DEM quer firmar "contrato com o eleitor"

DEM monta agenda para sua bancada em busca de voz própria dentro da campanha de Serra. Corte no número de deputados será proposto

Severino Motta, iG Brasília |

O Democratas reuniu sua bancada de deputados federais nesta manhã, num hotel de Brasília, onde o cientista político Antônio Lavareda fez a exposição de uma pesquisa sobre demandas da população em período eleitoral. A partir dos dados, a sigla quer definir um “contrato com o eleitor” e através dele, ter uma agenda política e posições próprias do partido dentro da campanha presidencial do tucano José Serra.

A princípio, o nome pensado por Lavareda era o de um “Contrato com os brasileiros Democratas”, mas, durante a reunião, ele evoluiu para o “Contrato com os eleitores”. Segundo o líder do DEM na Câmara, Paulo Bornhausen (SC), a linha mestra do documento será a questão ética e, a partir dela, compromissos com outras áreas do Estado serão firmados.

“O contrato que queremos é com a sociedade, com o eleitor, que foi o autor do ficha limpa. Vamos firmar um contrato na parte ética e depois ter propostas para o partido sustentar junto à sociedade”, disse.

Como o DEM não tem candidato à presidência, o “Contrato com o eleitor” seria a voz do partido dentro da campanha de José Serra e junto ao eleitorado. Ele também serviria para que os candidatos das eleições proporcionais tenham um discurso único.

“Queremos assumir pontos Congressualmente, já que não temos candidato à presidência. E isso também evita a fragmentação dos discursos na eleição de nossos deputados”, explicou Bornhausen.

Entre os compromissos a serem firmados, o DEM deve defender a redução de 10% no número de cadeiras na Câmara Federal, que hoje tem 513 assentos. Também deve propor o corte de 5% no salário dos ministros e congelamento de cinco anos no valor dos rendimentos.

“Queremos uma agenda arrojada e ousada, mas exequível. Nós derrubamos a CPMF, aprovamos o ficha limpa e nossa consulta na Justiça trouxe a fidelidade partidária. Nos diziam que era mais fácil um boi voar que isso ser aprovado. E nós conseguimos”, disse o líder.

Questionado sobre moralização na política, uma vez que seu partido esteve envolvido no escândalo do Distrito Federal, Bornhausen disse que a sigla vai tirar uma “oportunidade da crise”.

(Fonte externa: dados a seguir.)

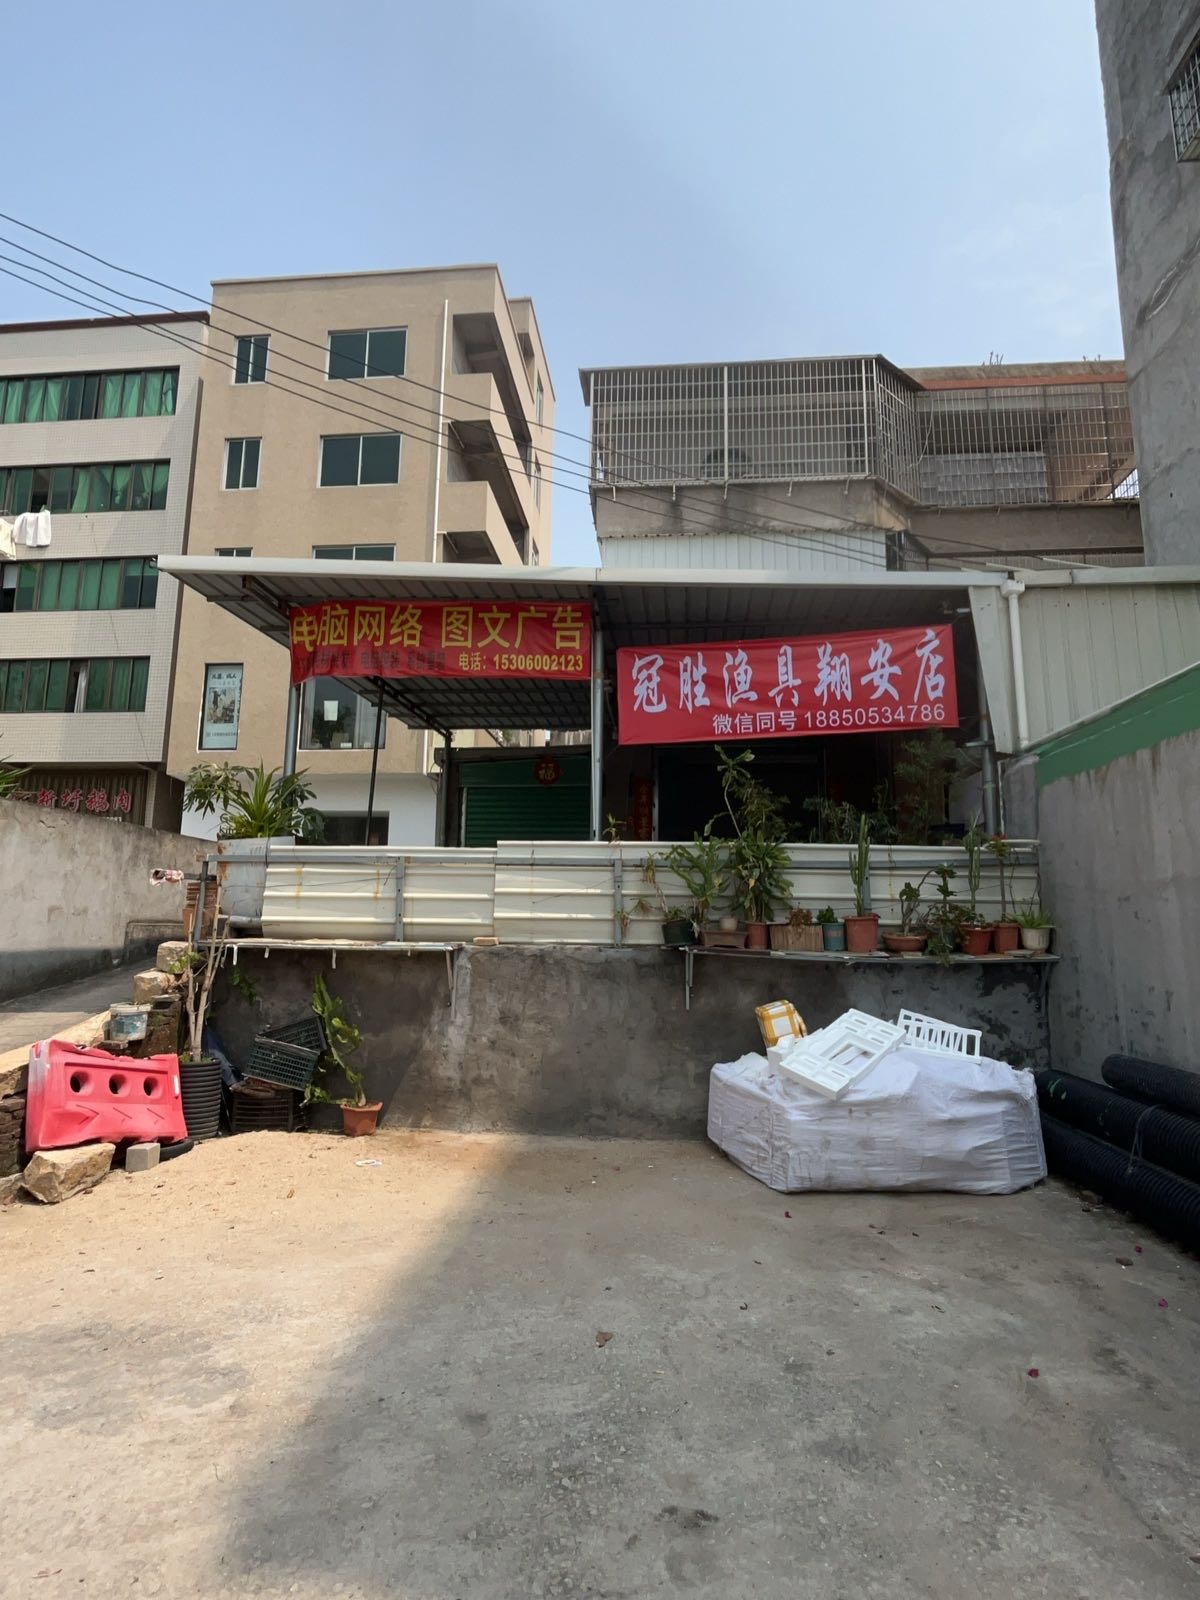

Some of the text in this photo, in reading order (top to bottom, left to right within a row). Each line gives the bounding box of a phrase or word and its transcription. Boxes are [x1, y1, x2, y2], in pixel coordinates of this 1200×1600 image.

[292, 604, 584, 651] 电脑网络 图文广告
[631, 628, 946, 714] 冠胜渔具翔安店
[712, 703, 946, 735] 微信同号 18850534786
[538, 763, 555, 780] 福
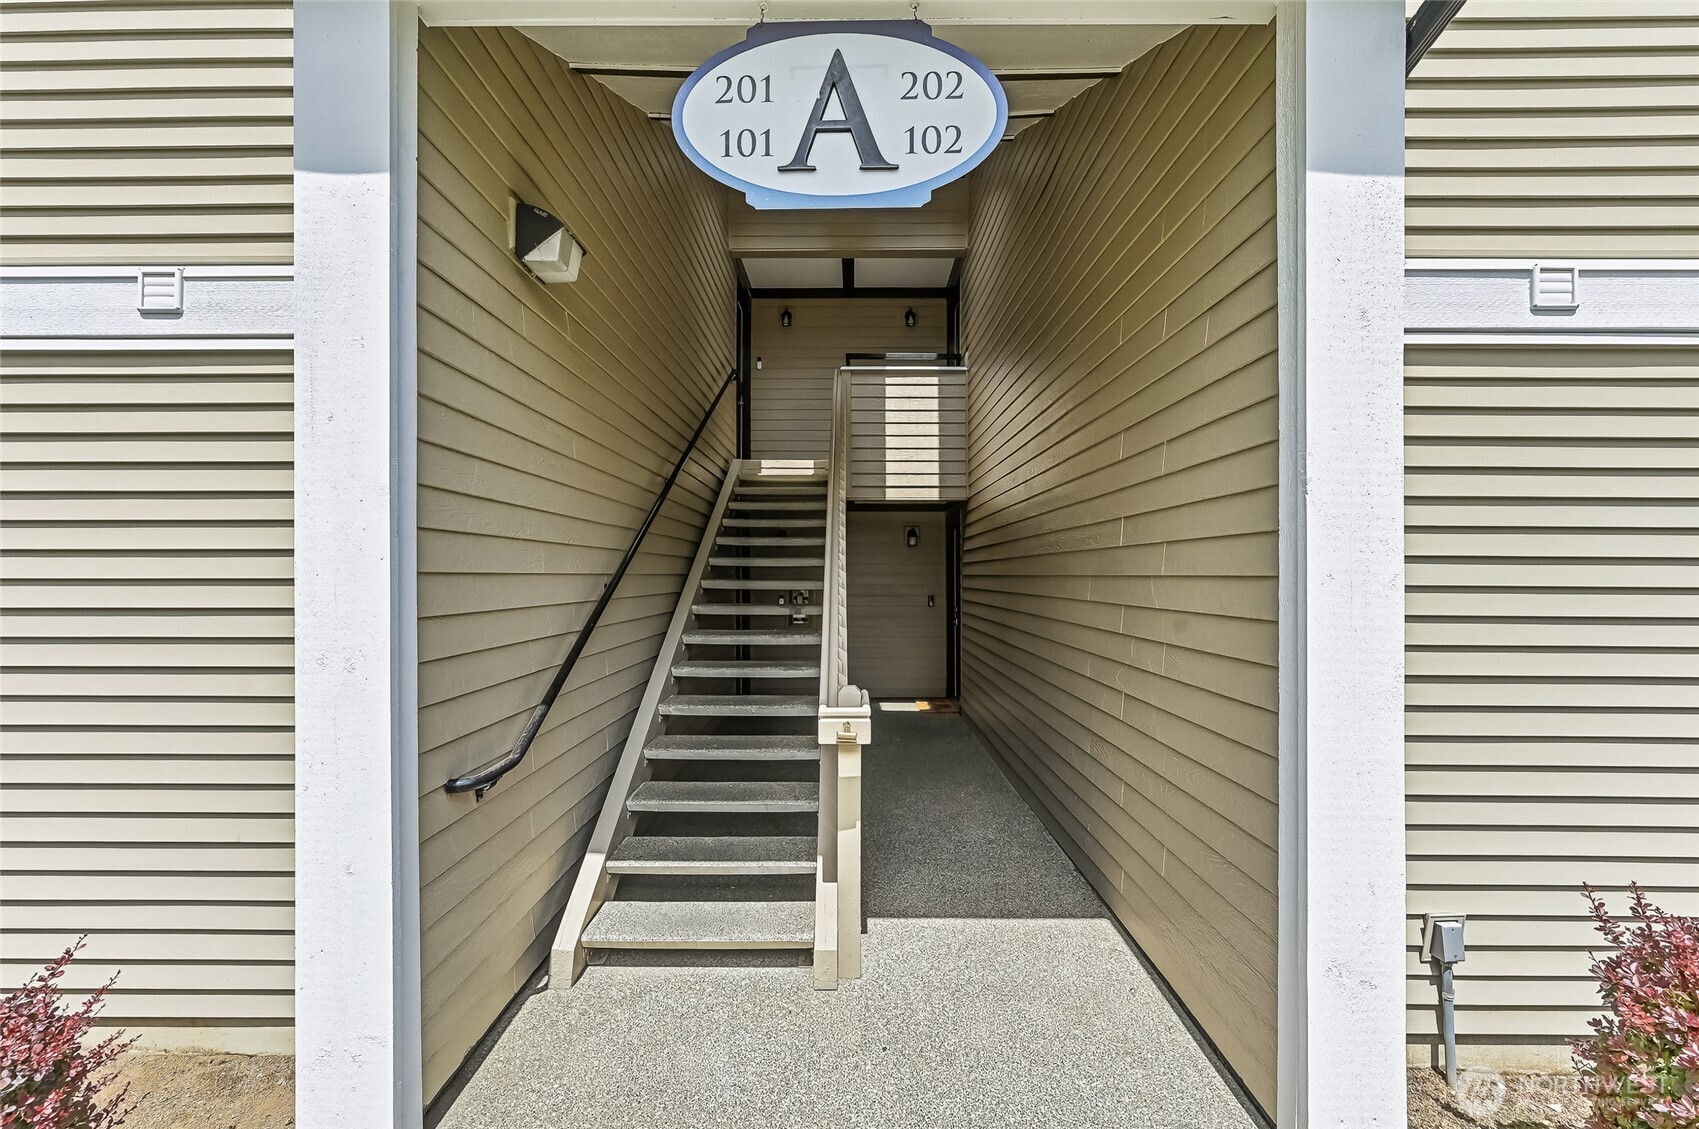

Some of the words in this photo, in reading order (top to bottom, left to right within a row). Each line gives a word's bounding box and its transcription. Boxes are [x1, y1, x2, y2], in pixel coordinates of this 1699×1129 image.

[714, 74, 774, 104] 201
[900, 71, 964, 101] 202
[777, 48, 899, 171] A
[719, 128, 774, 157] 101
[904, 125, 963, 155] 102

Falou ainda que, diferente de outros partidos, quem foi flagrado em supostos esquemas de corrupção foi expulso da sigla pela direção partidária, e que “a maioria dos filiados não tem nada a ver com o caso”.

O “Contrato com o eleitor” ainda deve trazer temas como a reforma tributária com carga zero para a população que recebe até um salário mínimo, o direito à propriedade rural, investimentos na educação básica e a meta de construir metrôs nos conglomerados urbanos.